• Directions for this task: An exact transcription of all the entries is needed; pictures stay out.

• Exercise materials:
---
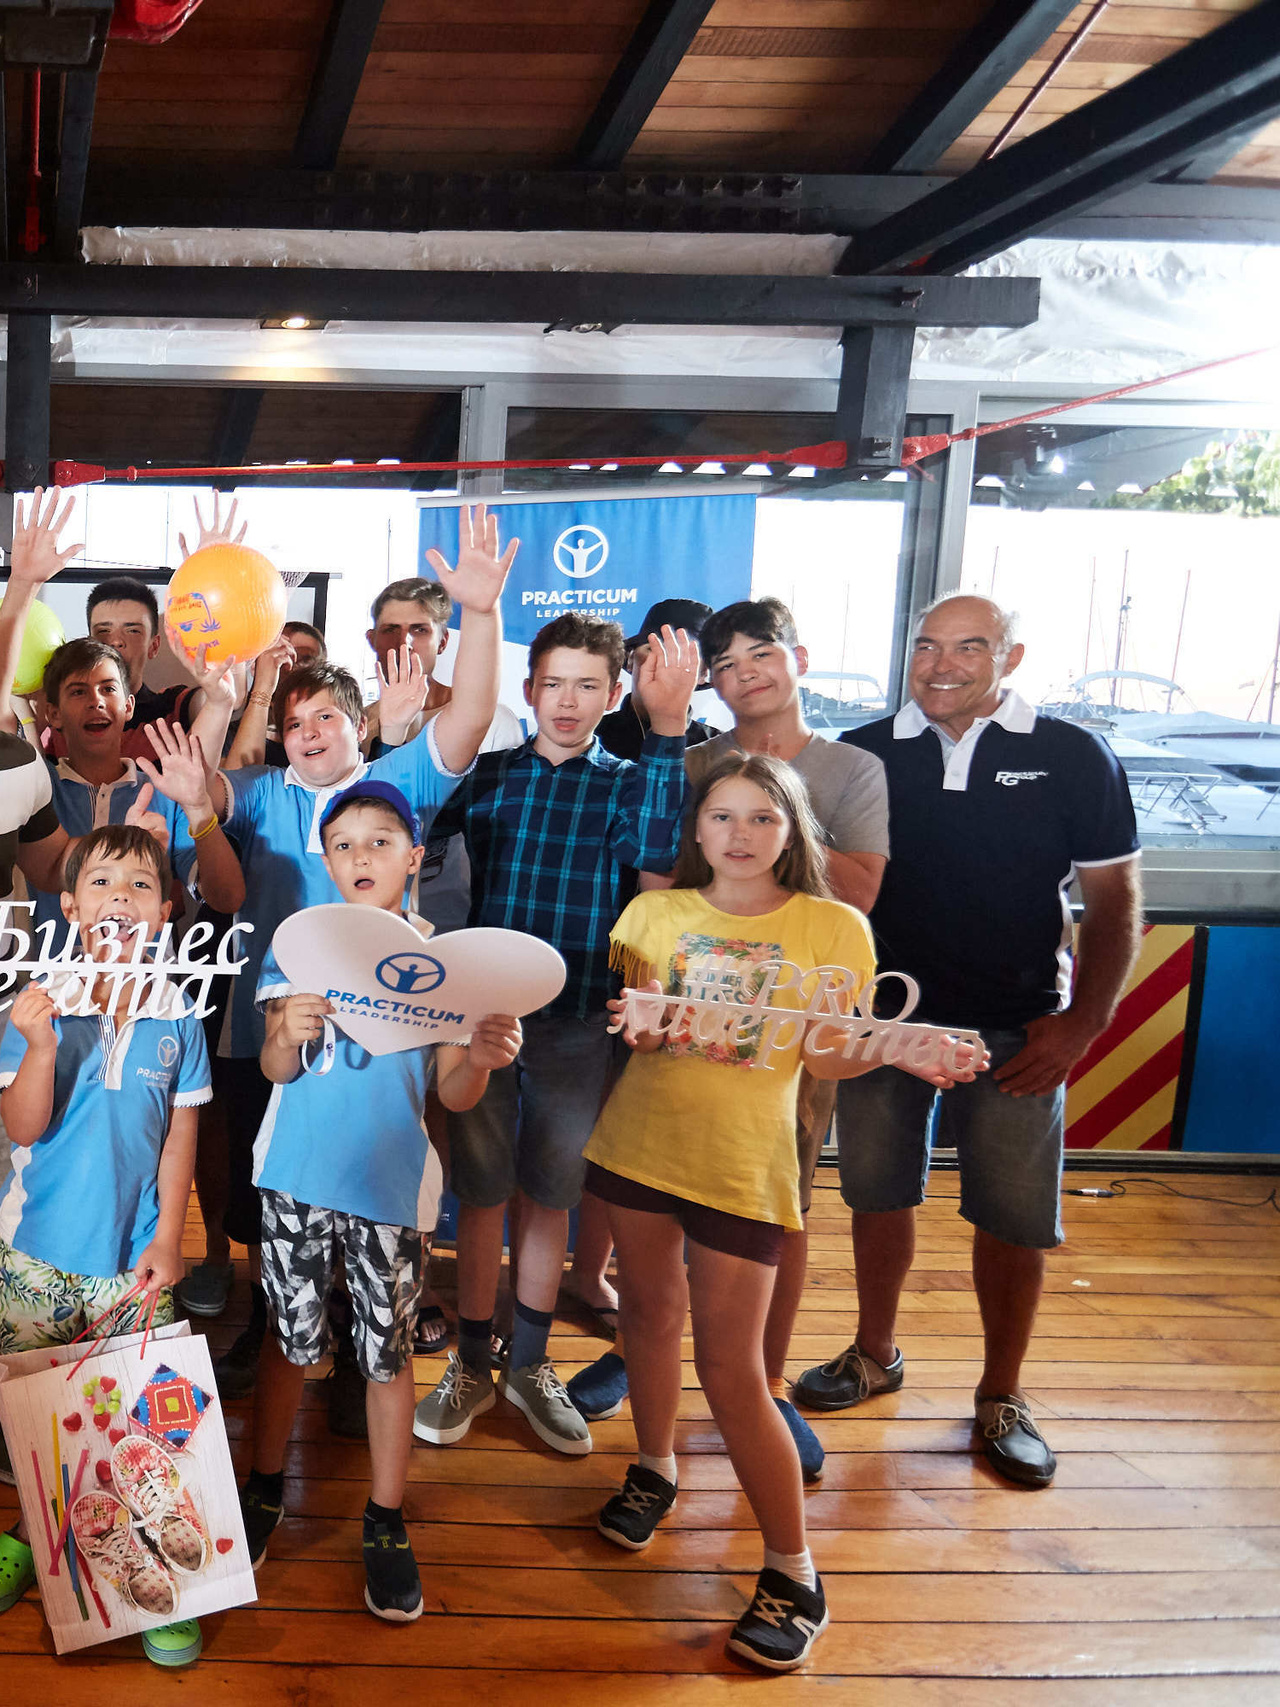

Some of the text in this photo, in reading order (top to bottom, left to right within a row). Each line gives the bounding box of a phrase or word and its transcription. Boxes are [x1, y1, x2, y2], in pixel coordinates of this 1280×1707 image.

[521, 588, 638, 606] PRACTICUM
[536, 608, 621, 618] LEARSHIP
[682, 953, 921, 1023] #PRO
[325, 989, 466, 1025] PRACTICUM
[339, 1007, 439, 1029] LEADERSHIP
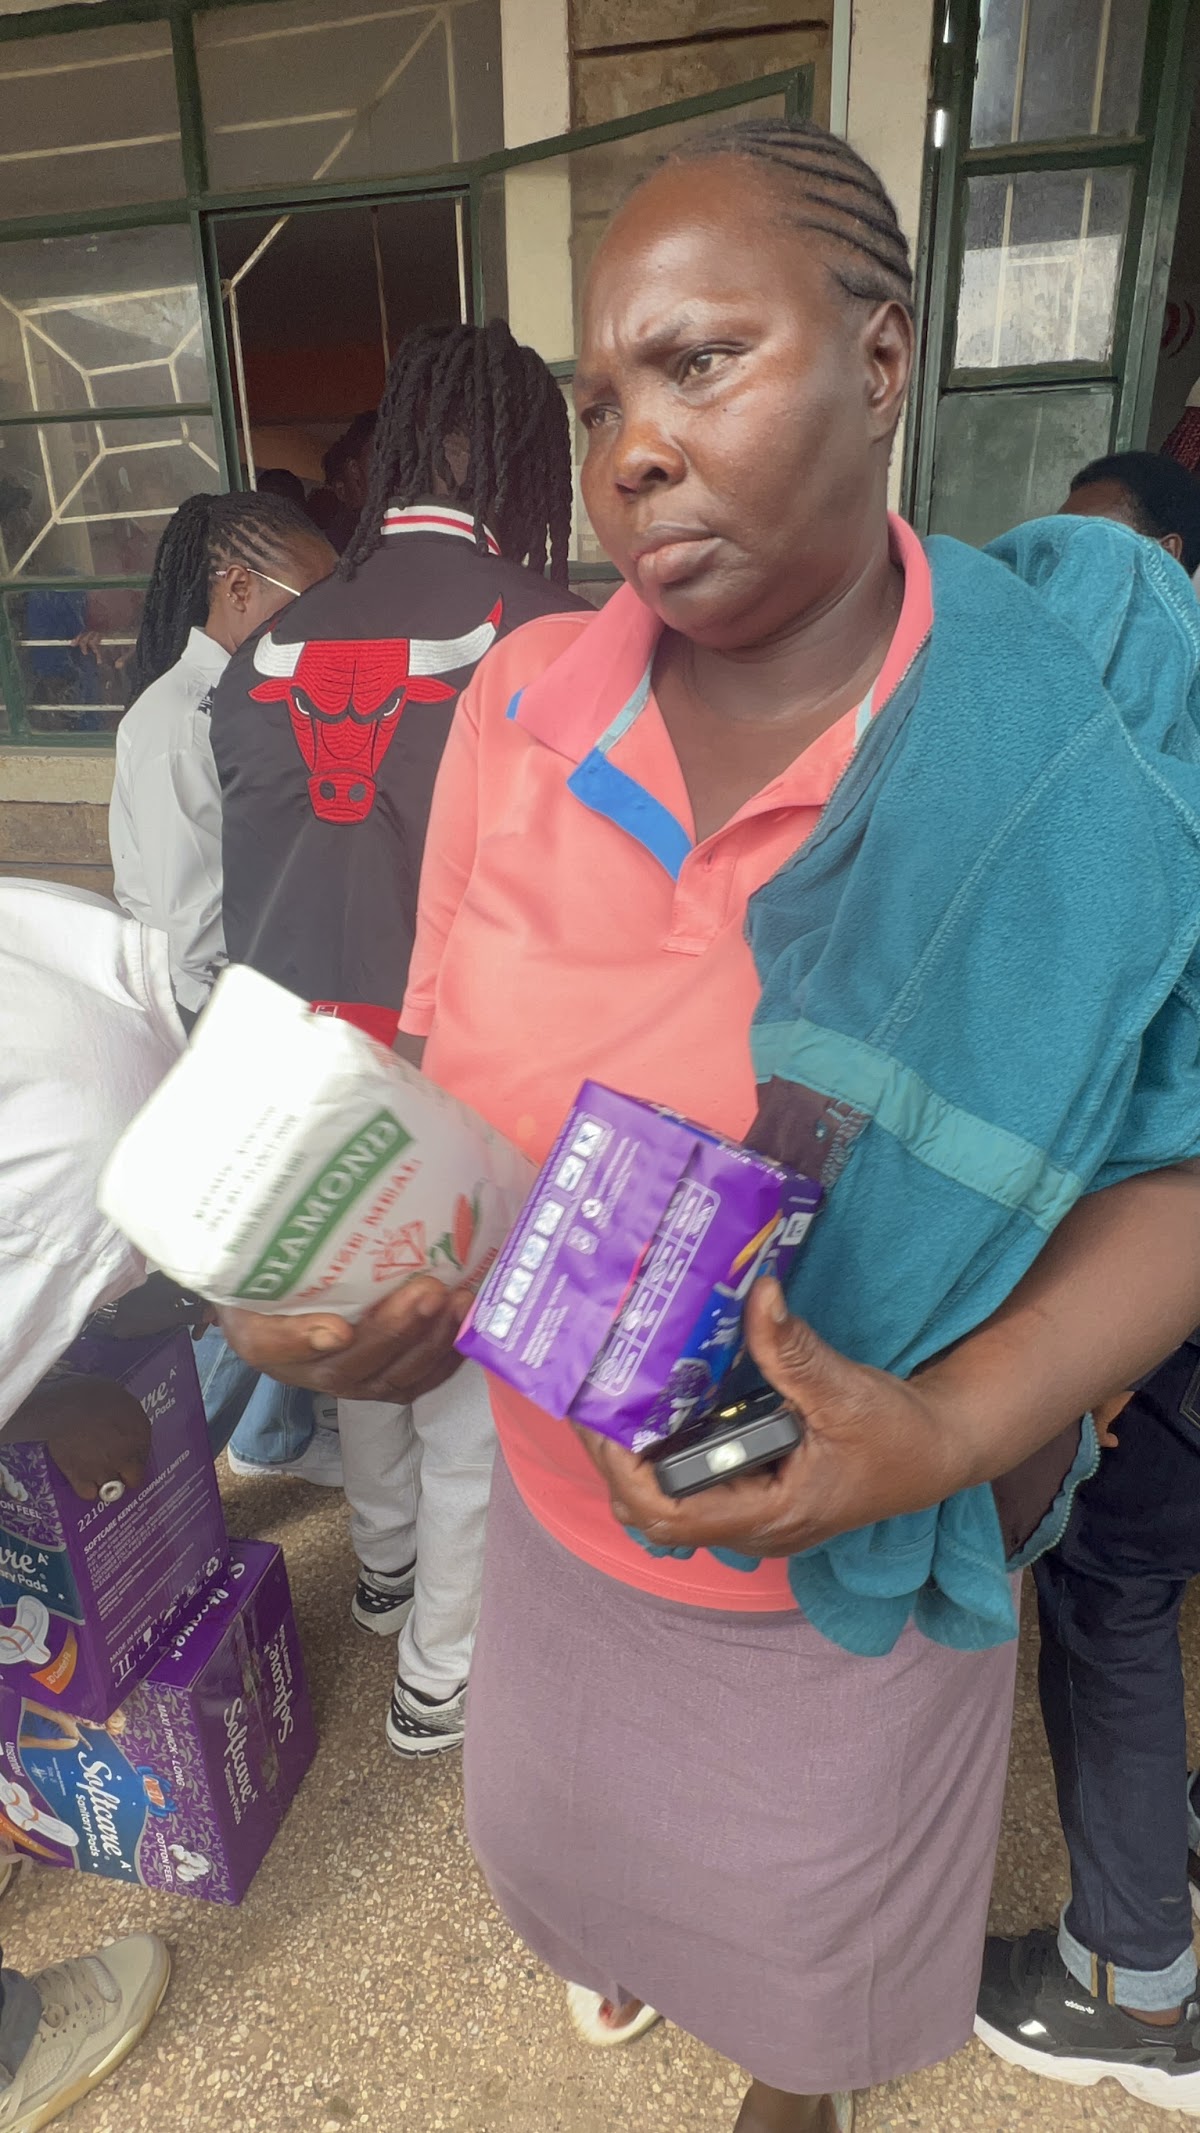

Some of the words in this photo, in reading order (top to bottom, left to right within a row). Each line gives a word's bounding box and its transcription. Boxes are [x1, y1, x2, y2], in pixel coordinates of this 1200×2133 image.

[249, 1117, 402, 1297] DIAMOND
[155, 1397, 176, 1418] Pads
[16, 1504, 42, 1519] FEEL
[84, 1518, 117, 1554] SOFTCARE
[117, 1499, 138, 1525] KENYA
[138, 1471, 166, 1501] COMPANY
[166, 1450, 190, 1474] LIMITED
[18, 1573, 49, 1593] Pads
[109, 1640, 126, 1663] MADE
[126, 1633, 133, 1644] IN
[133, 1613, 151, 1636] KENYA
[52, 1657, 67, 1680] Comfort
[269, 1643, 294, 1744] Softcare
[5, 1741, 25, 1777] Unscented
[156, 1703, 170, 1731] MAXI
[164, 1731, 178, 1758] THICK
[172, 1760, 185, 1787] LONG
[224, 1697, 252, 1803] Softcare
[75, 1793, 91, 1832] Sanitary
[86, 1831, 100, 1857] Pads
[76, 1751, 122, 1857] Softcare
[156, 1832, 169, 1864] COTTON
[164, 1863, 173, 1883] FEEL
---
• Answer section:
Some of the text in this photo, in reading order (top to bottom, left to right within a row). Each line gives the bounding box of a phrase or word and its transcription. Boxes are [x1, y1, x2, y2], in pixel coordinates of this 1280×1707 image.

[521, 588, 638, 606] PRACTICUM
[536, 608, 621, 618] LEARSHIP
[682, 953, 921, 1023] #PRO
[325, 989, 466, 1025] PRACTICUM
[339, 1007, 439, 1029] LEADERSHIP

Some of the words in this photo, in reading order (top to bottom, left to right within a row). Each line gives a word's bounding box and its transcription. Boxes are [x1, y1, x2, y2], in pixel coordinates of this 1200×2133 image.

[249, 1117, 402, 1297] DIAMOND
[155, 1397, 176, 1418] Pads
[16, 1504, 42, 1519] FEEL
[84, 1518, 117, 1554] SOFTCARE
[117, 1499, 138, 1525] KENYA
[138, 1471, 166, 1501] COMPANY
[166, 1450, 190, 1474] LIMITED
[18, 1573, 49, 1593] Pads
[109, 1640, 126, 1663] MADE
[126, 1633, 133, 1644] IN
[133, 1613, 151, 1636] KENYA
[52, 1657, 67, 1680] Comfort
[269, 1643, 294, 1744] Softcare
[5, 1741, 25, 1777] Unscented
[156, 1703, 170, 1731] MAXI
[164, 1731, 178, 1758] THICK
[172, 1760, 185, 1787] LONG
[224, 1697, 252, 1803] Softcare
[75, 1793, 91, 1832] Sanitary
[86, 1831, 100, 1857] Pads
[76, 1751, 122, 1857] Softcare
[156, 1832, 169, 1864] COTTON
[164, 1863, 173, 1883] FEEL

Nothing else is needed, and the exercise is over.